Usually winter isn’t a great time when it comes to new music releases. There is simply not enough on the market to choose from. Last month’s OOIOO therefore was a lucky find. The amount of appealing releases is gradually increasing, which of course is a good thing but still there isn’t enough music for us to get excited. Tame Impala and Squarepusher brought out new work but both records feel like more of the same at the moment. At the time of writing King Krule also is on the brink of releasing something new. However, after hearing a few teasers we don’t expect it to break style with earlier work. Youngster Archy “I have seen it all” Marshall is a father now and settled down outside of London, so consolidation to create a steady revenue stream would rightfully the path for him to follow for a while. If Man Alive! does surprise, we’ll be sure to review it later this year.

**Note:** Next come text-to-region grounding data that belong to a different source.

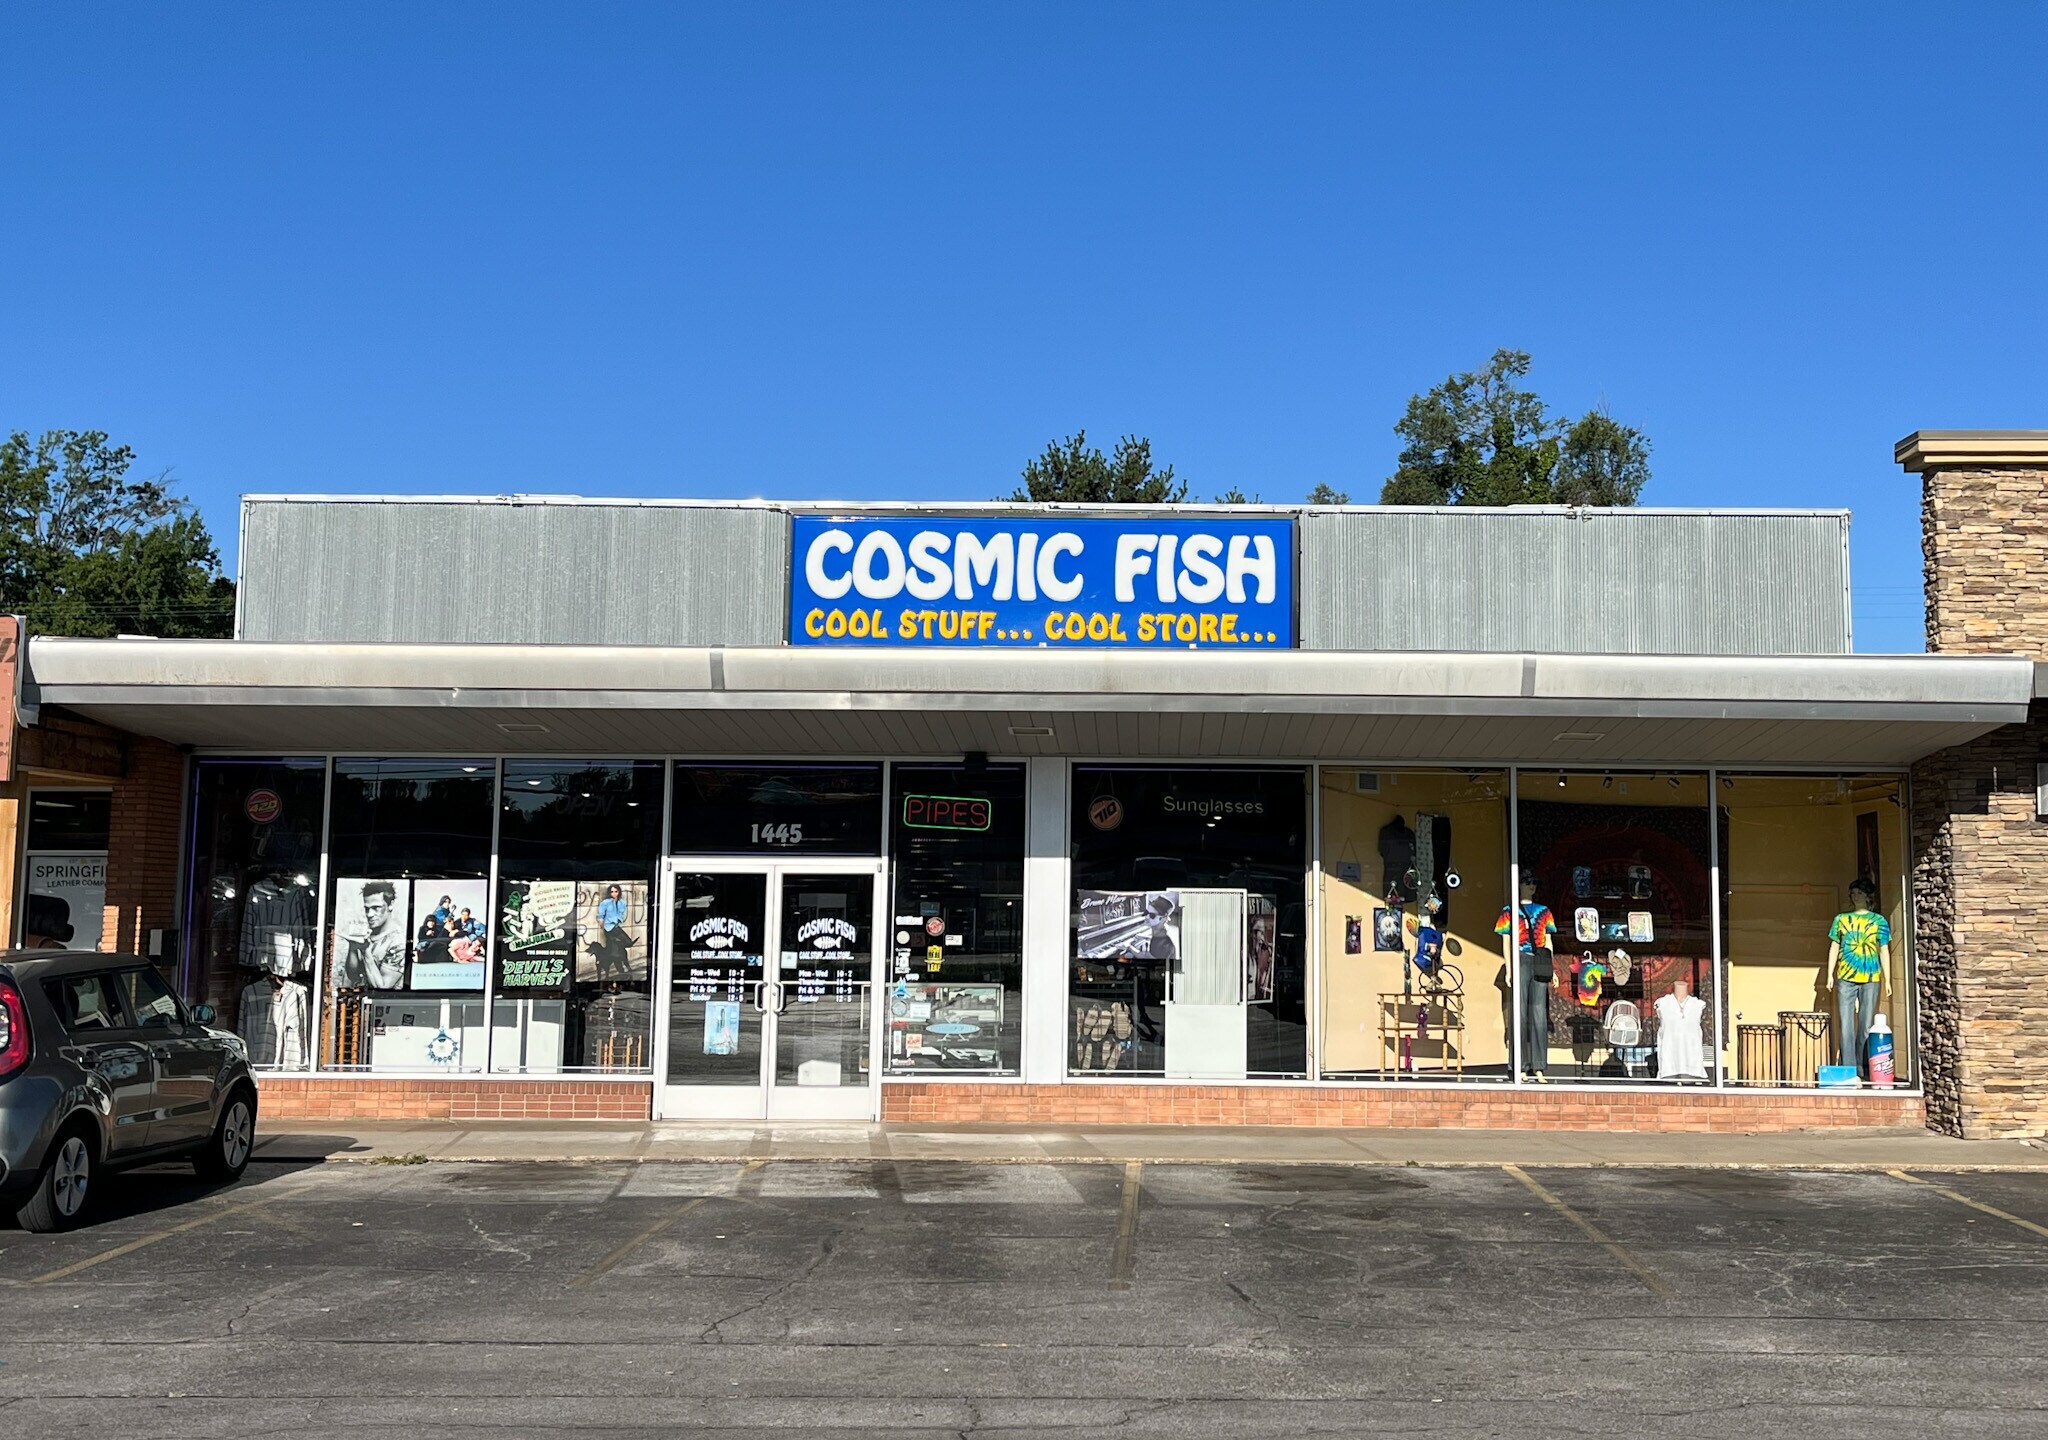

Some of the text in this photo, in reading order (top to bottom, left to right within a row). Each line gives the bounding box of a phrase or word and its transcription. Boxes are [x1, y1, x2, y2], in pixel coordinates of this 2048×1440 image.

[805, 529, 1276, 604] COSMIC FISH
[805, 609, 1277, 643] COOL STUFF... COOL STORE...
[908, 800, 986, 826] PIPES
[1164, 796, 1264, 816] Sunglasses
[751, 823, 802, 843] 1445
[36, 865, 104, 878] SPRINGFI
[47, 880, 81, 888] LEATHER
[690, 917, 748, 942] COSMIC FISH
[798, 917, 856, 943] COSMIC FISH
[515, 932, 556, 949] MARIJUANA
[503, 958, 564, 975] DEVIL'S
[503, 972, 567, 986] HARVEST
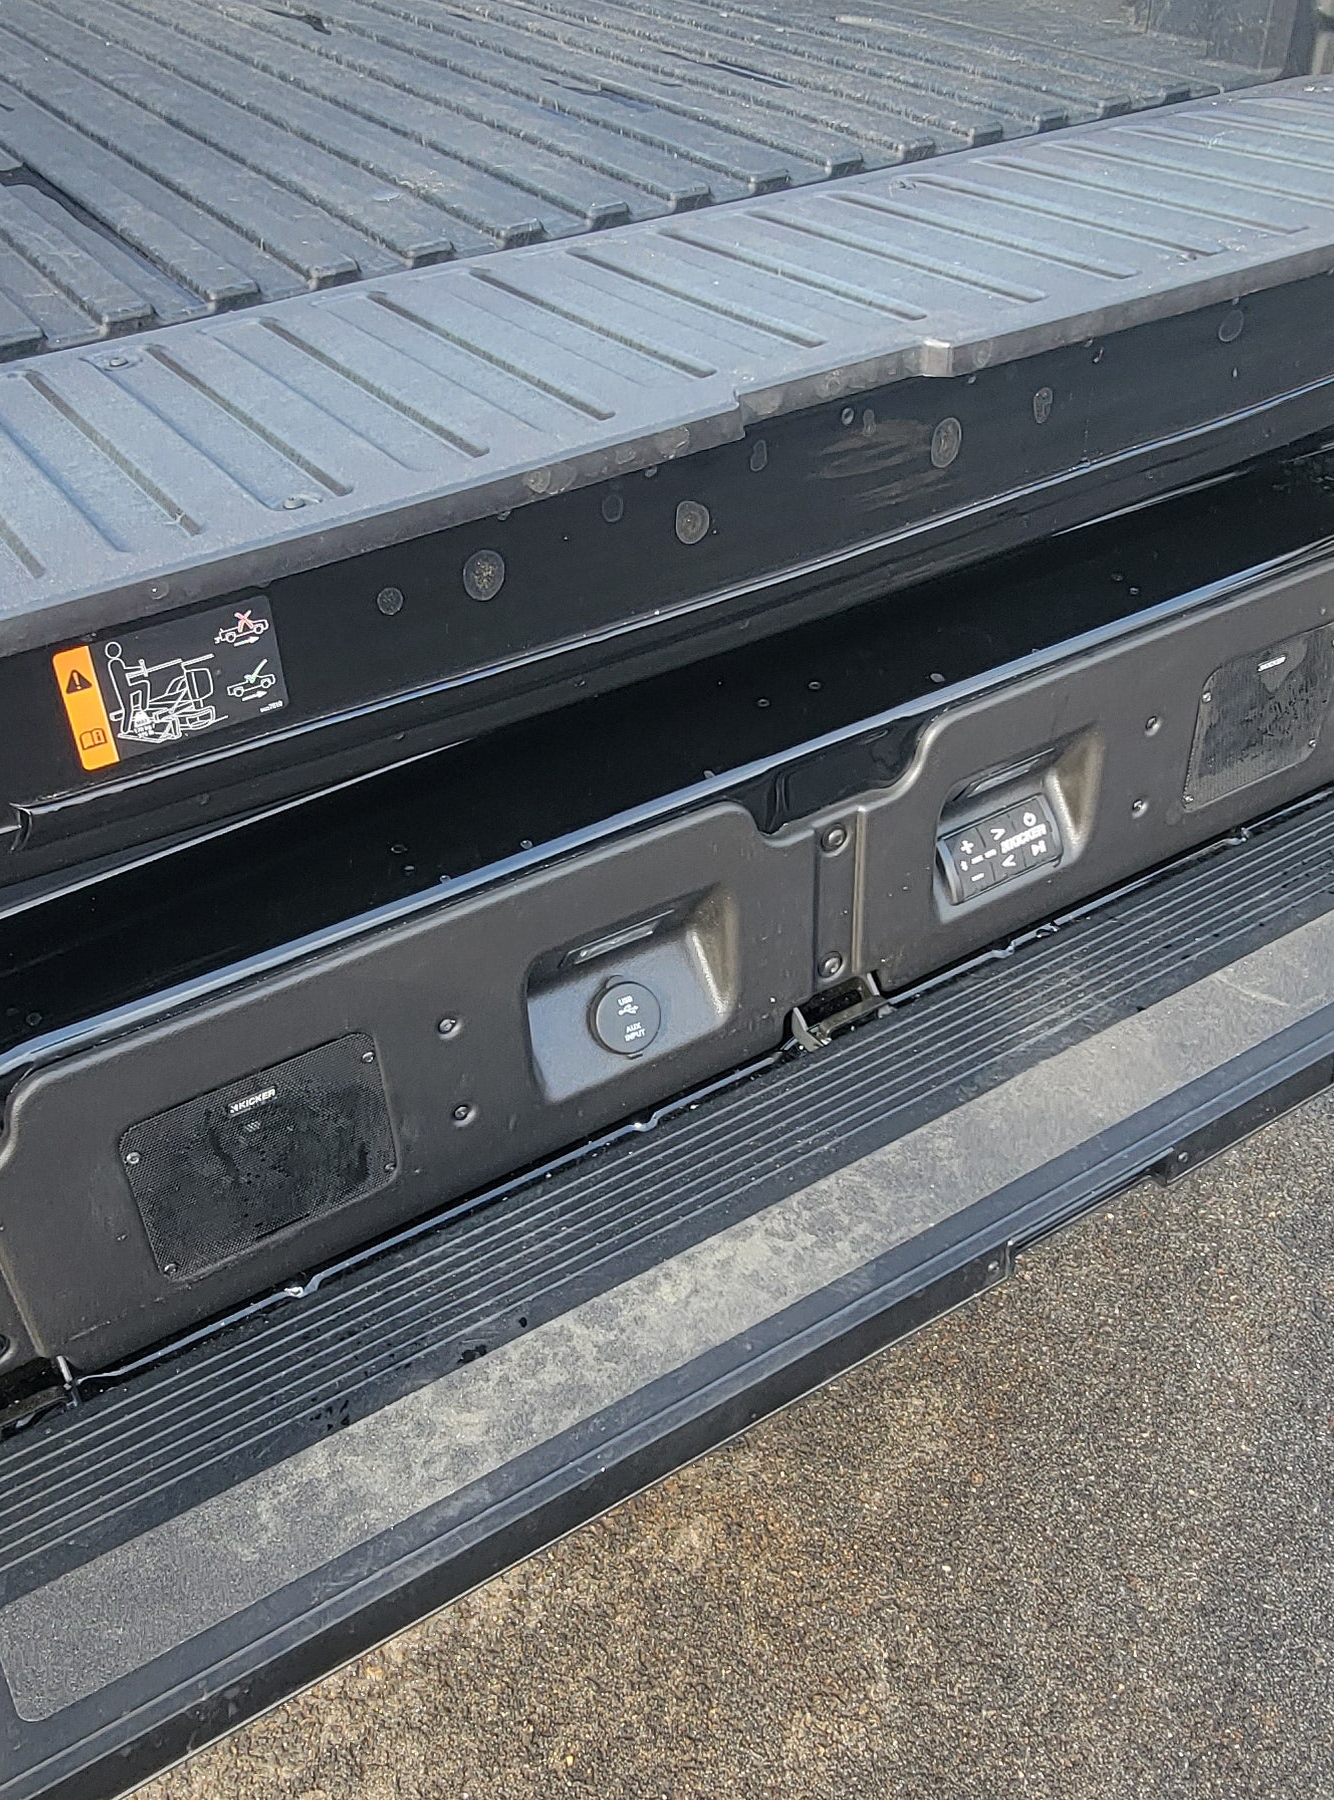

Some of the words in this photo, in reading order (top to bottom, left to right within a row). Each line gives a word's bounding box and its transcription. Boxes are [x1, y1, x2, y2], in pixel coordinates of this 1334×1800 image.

[626, 1021, 642, 1034] AUX
[624, 1028, 646, 1042] INPUT
[238, 1088, 276, 1110] KICKER

So where do we go from here? We want a fresh name with some fresh ideas. Well, when in doubt us Dutchmen first look at some maps but shortly after start wondering about life on Pluto. If that isn’t enough we also fantasize about dancing on the Moon and think about moving to some random star system far away. Yet after some deep considerations we always end up in:…. BELGIUM!
That’s right, Belgium. Next to it’s wonderful line-up of strong beers, Belgium also has one of the most appealing alternative rock scenes in Western-Europe. For decades bands like Triggerfinger, Balthazar, dEUS, Absynthe Minded, Hooverphonic and Black Box Revelation are the top of the bill. These and other names also enjoy international success, and this obviously makes Belgium an interesting country to follow. Especially if you’re into upcoming bands.
Arabnormal is one of those upcoming Belgium bands who could make a significant mark on the ‘20s. The band is announced as a ‘manically zonked-out flying carpet ride’ that combines experimental rock, post-punk and Eastern psychedelica. Younes Faltakh (ex-The Hickey Underworld) and Niel Meul (ex-Das Pop) are Arabnormal’s core. Both have producing experience so they know what they are doing.
Opener and debut single Scorpio begins with a tense baseline that would fit in older 007-movies. The hard guitar cuts and catchy grooves give the album a refreshing star. On the second track Dominion we can’t help to compare to the commercial new wave phase oh The Cure. The light guitar play and heavy base underneath seems to come straight from the mid-80s. After two thirds the first obvious Eastern influence is added with the distinctive yet slightly distorted sound of an oud. The Arabic tone system makes an appearance every now and then. Toy is one of those examples that nicely melts post-punk with Eastern melodies in overdrive mode.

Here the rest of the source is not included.